Migrating from Protect AI to middleBrick
What middleBrick covers
- Black-box API scanning with no agents or SDK dependencies
- Sub-minute scans with risk grades A through F
- Coverage of OWASP API Top 10 (2023) and related compliance mappings
- Authenticated testing via tokens, keys, and cookies
- Dashboard score trends and branded compliance reports
- CLI and MCP Server integration for AI-assisted workflows
Data export from Protect AI
Extract findings and metadata from Protect AI using their UI or API. Most platforms provide a download option for scan reports in JSON or CSV; locate the export button on the scan summary page and choose JSON for structured fields such as severity, endpoint, and recommendation. If you use the Protect AI API, call the list and detail endpoints with your authentication token to pull results programmatically. Save the raw JSON as a baseline file; this preserves timestamps, unique identifiers, and tags needed when mapping to middleBrick scan records.
Rebuilding scan history in middleBrick
Import your exported data to create a comparable dataset in middleBrick. The dashboard does not auto-import Protect AI results, so use the manual process: for each API, run a middleBrick scan and record the new scan ID and score. Use the CLI to automate repeated checks, for example:
middlebrick scan https://api.example.com/openapi.json --output json
Map Protect AI issue types to middleBrick categories, such as authentication misconfigurations or input validation, using the findings fields. Because middleBrick is a black-box scanner, some historical Protect AI test paths that required authenticated probes will need to be reconfigured in the dashboard when you add auth details for retesting.
Keeping CI wired up during the cutover
Avoid broken builds while switching tools by coordinating the transition at a maintenance window or behind a feature flag. Keep the existing Protect AI CI gate active until the first middleBrick scan passes your quality threshold. Then update your CI pipeline to use the middleBrick GitHub Action, for example:
- name: MiddleBrick Scan
uses: middlebrick/github-action@v1
with:
url: ${{ secrets.API_URL }}
threshold: C
fail_build: true
Ensure the pipeline passes only authenticated scans when required; use the Starter-tier authenticated flow with domain verification so credentials are not accepted from unauthorized domains. During transition, you may run both tools in parallel and compare scores to reduce false positives in enforcement.
What you will miss and what you will gain
You will lose native Protect AI runtime instrumentation and managed detection of business logic anomalies that depend on their execution context. middleBrick does not perform active SQL injection or command injection tests, nor does it detect blind SSRF via out-of-band channels.
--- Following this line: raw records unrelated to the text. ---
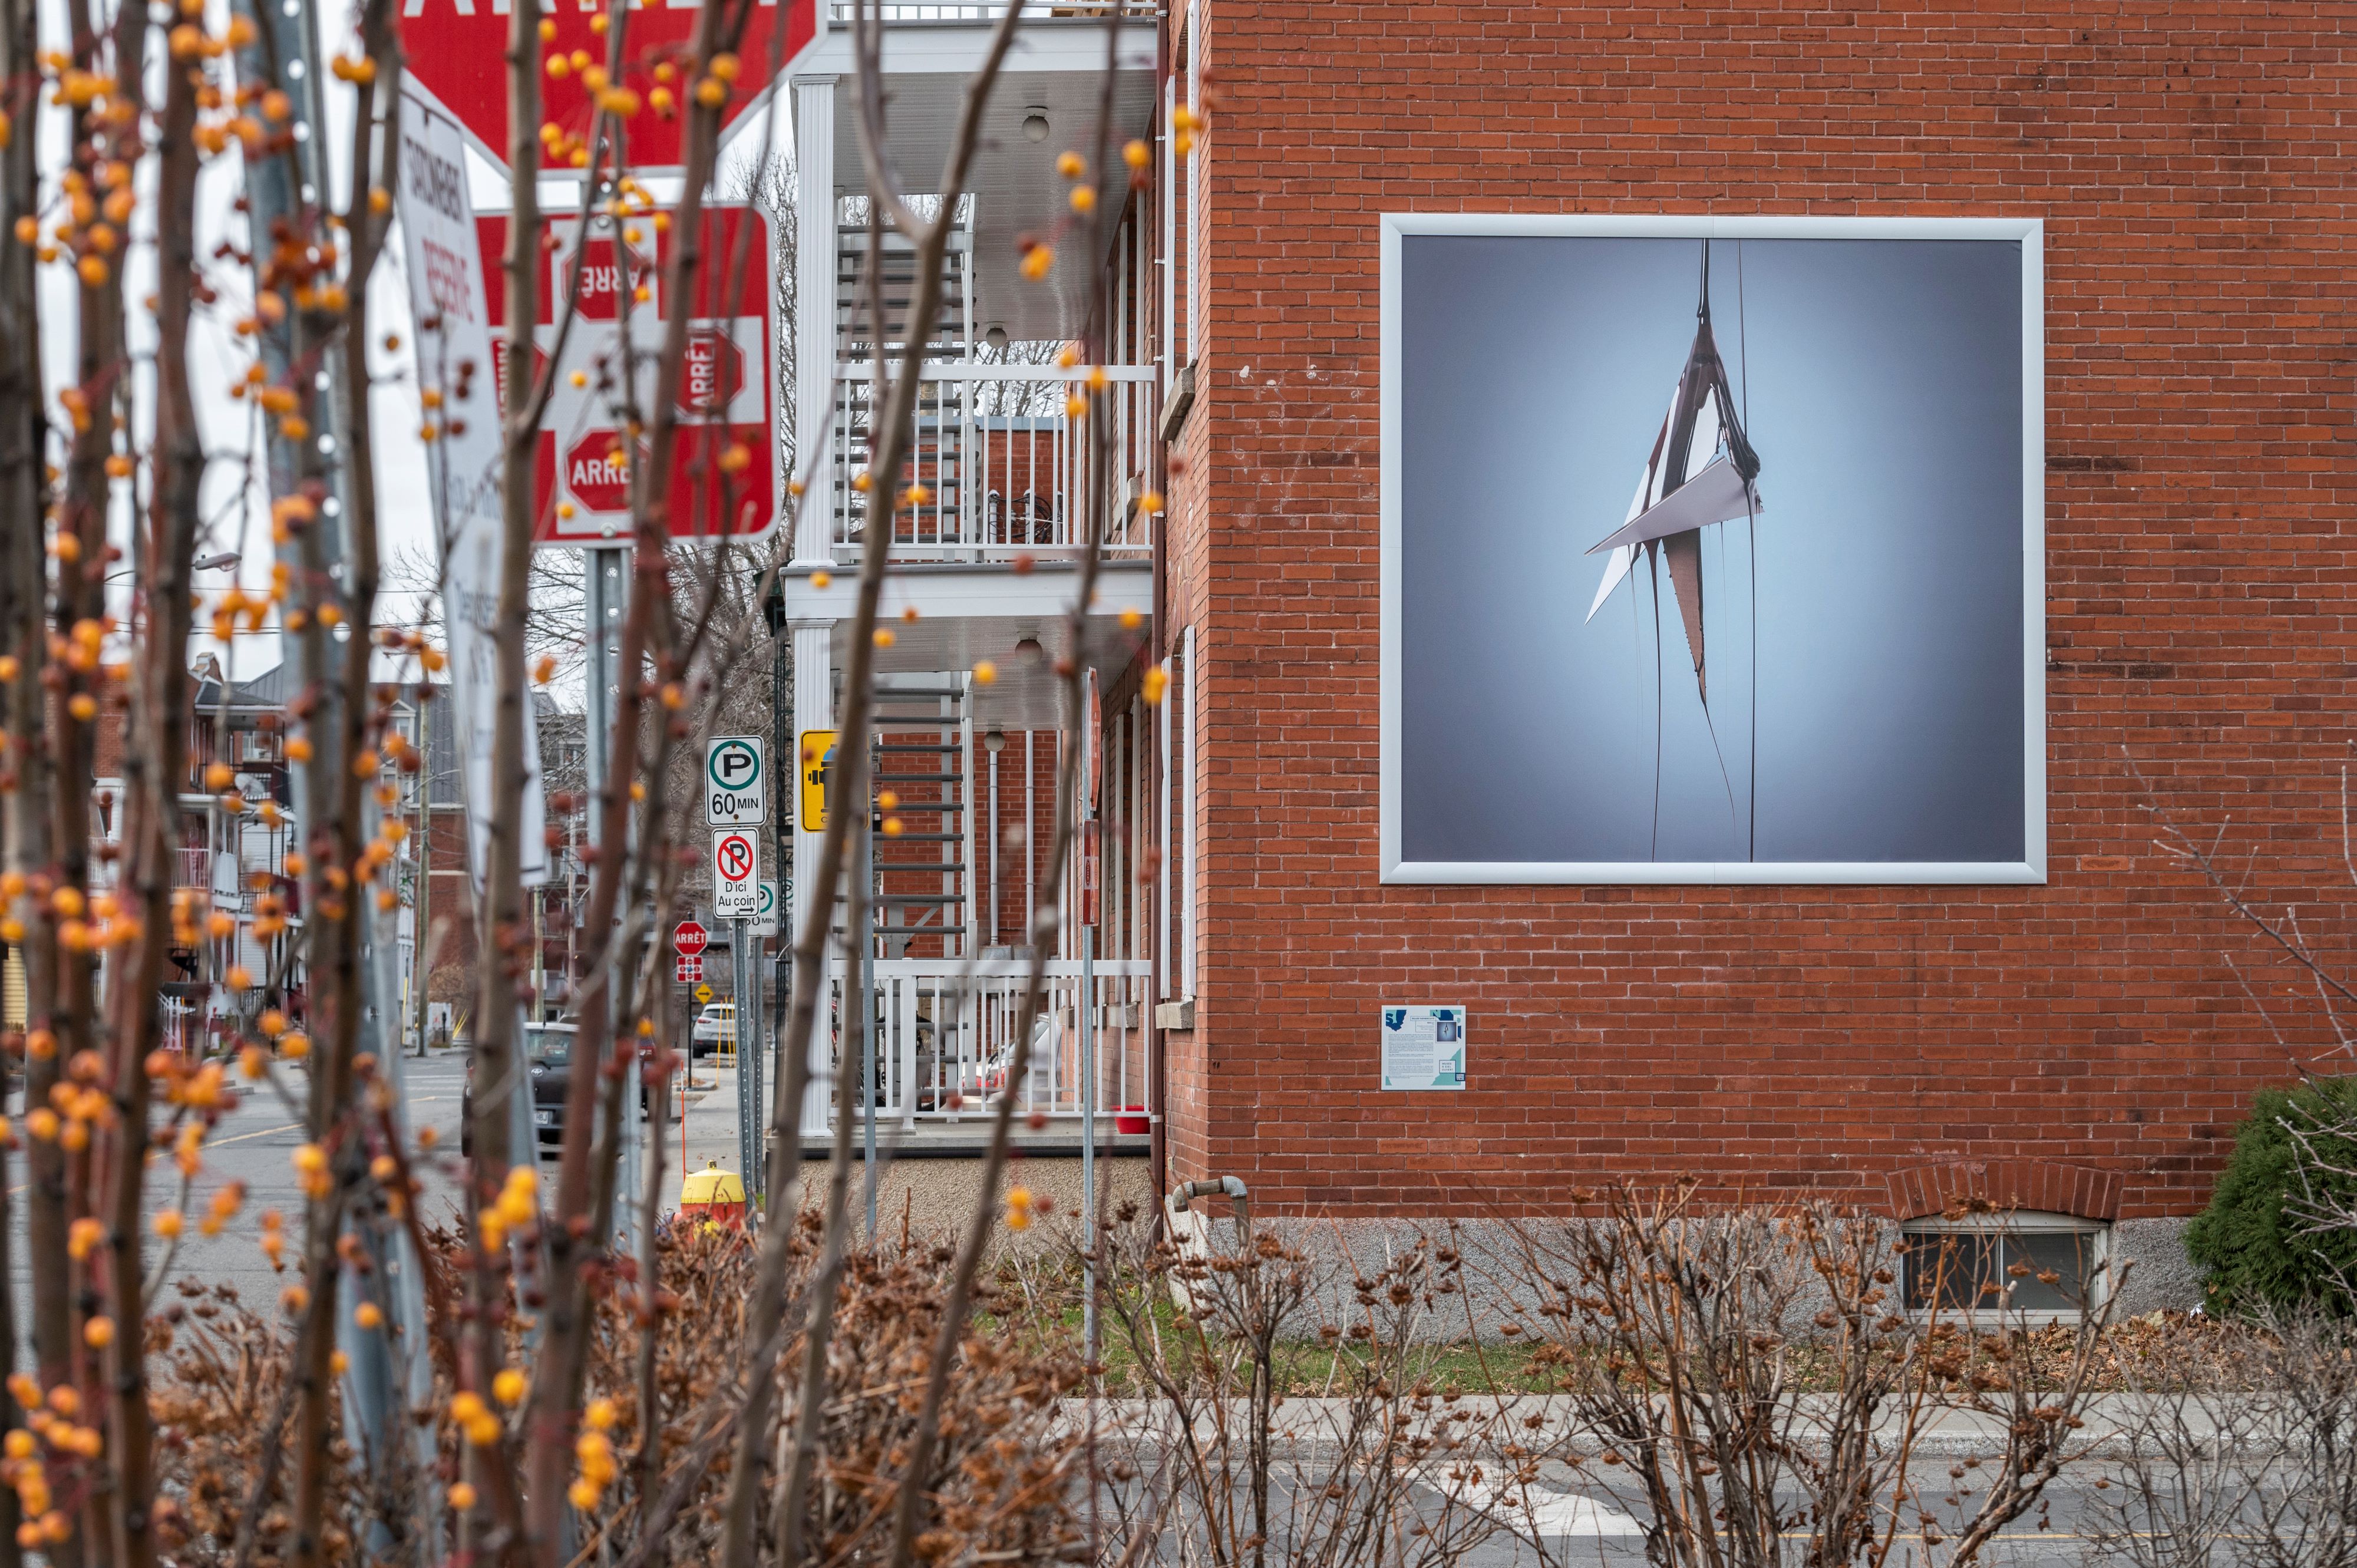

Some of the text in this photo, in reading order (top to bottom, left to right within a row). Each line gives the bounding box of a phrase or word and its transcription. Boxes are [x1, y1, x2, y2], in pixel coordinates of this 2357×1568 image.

[577, 266, 641, 298] ARRÊ
[572, 457, 646, 486] ARR
[723, 754, 752, 777] P
[712, 793, 759, 815] 60 MIN
[725, 882, 747, 892] D'ici
[718, 896, 731, 906] Au
[734, 895, 755, 906] coin
[675, 931, 705, 944] ARRÊT
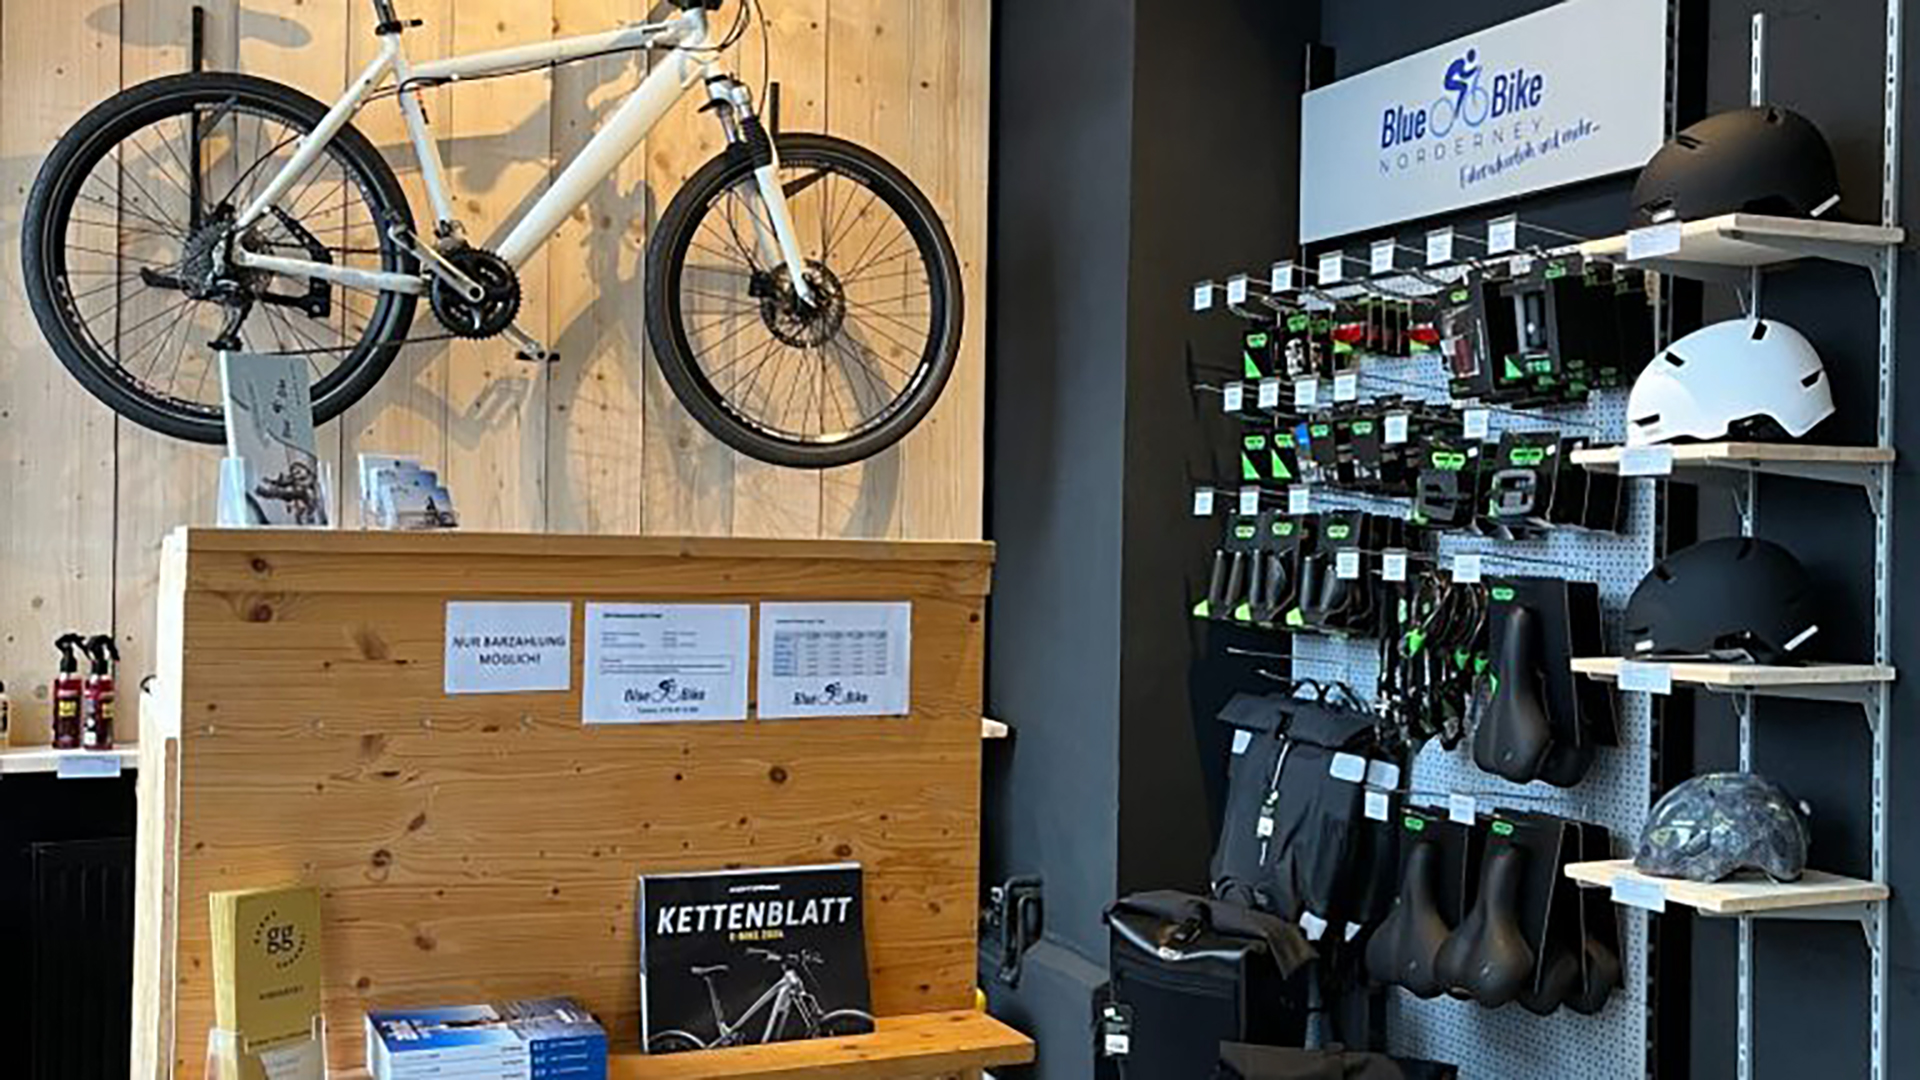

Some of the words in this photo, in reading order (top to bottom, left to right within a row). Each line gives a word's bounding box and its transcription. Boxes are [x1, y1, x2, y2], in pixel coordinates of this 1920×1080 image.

[1382, 104, 1427, 149] Blue
[1491, 68, 1543, 119] Bike
[1378, 117, 1543, 174] NORDERNEY
[453, 636, 481, 650] NUR
[483, 635, 567, 649] BARZAHLUNG
[656, 896, 853, 935] KETTENBLATT
[266, 924, 295, 955] gg
You will gain a purely black-box approach with no agents or SDKs, sub-minute scans, and a clear mapping to OWASP API Top 10 (2023), PCI-DSS 4.0, and SOC 2 Type II controls. The dashboard provides score trends, branded compliance PDFs, and webhook-driven alerts, while the CLI and MCP Server let you integrate scanning into AI tooling and custom workflows without proprietary dependencies.
Final migration checklist
Before decommissioning Protect AI, complete these steps: export and archive all scan reports, re-run critical endpoints in middleBrick with authentication where needed, update CI pipelines to use the new GitHub Action or MCP Server, validate that your score thresholds align with your risk policy, and notify stakeholders of the change. After cutover, schedule recurring Pro-tier rescans to maintain continuous monitoring, and use the diff engine to track new findings and regressions over time.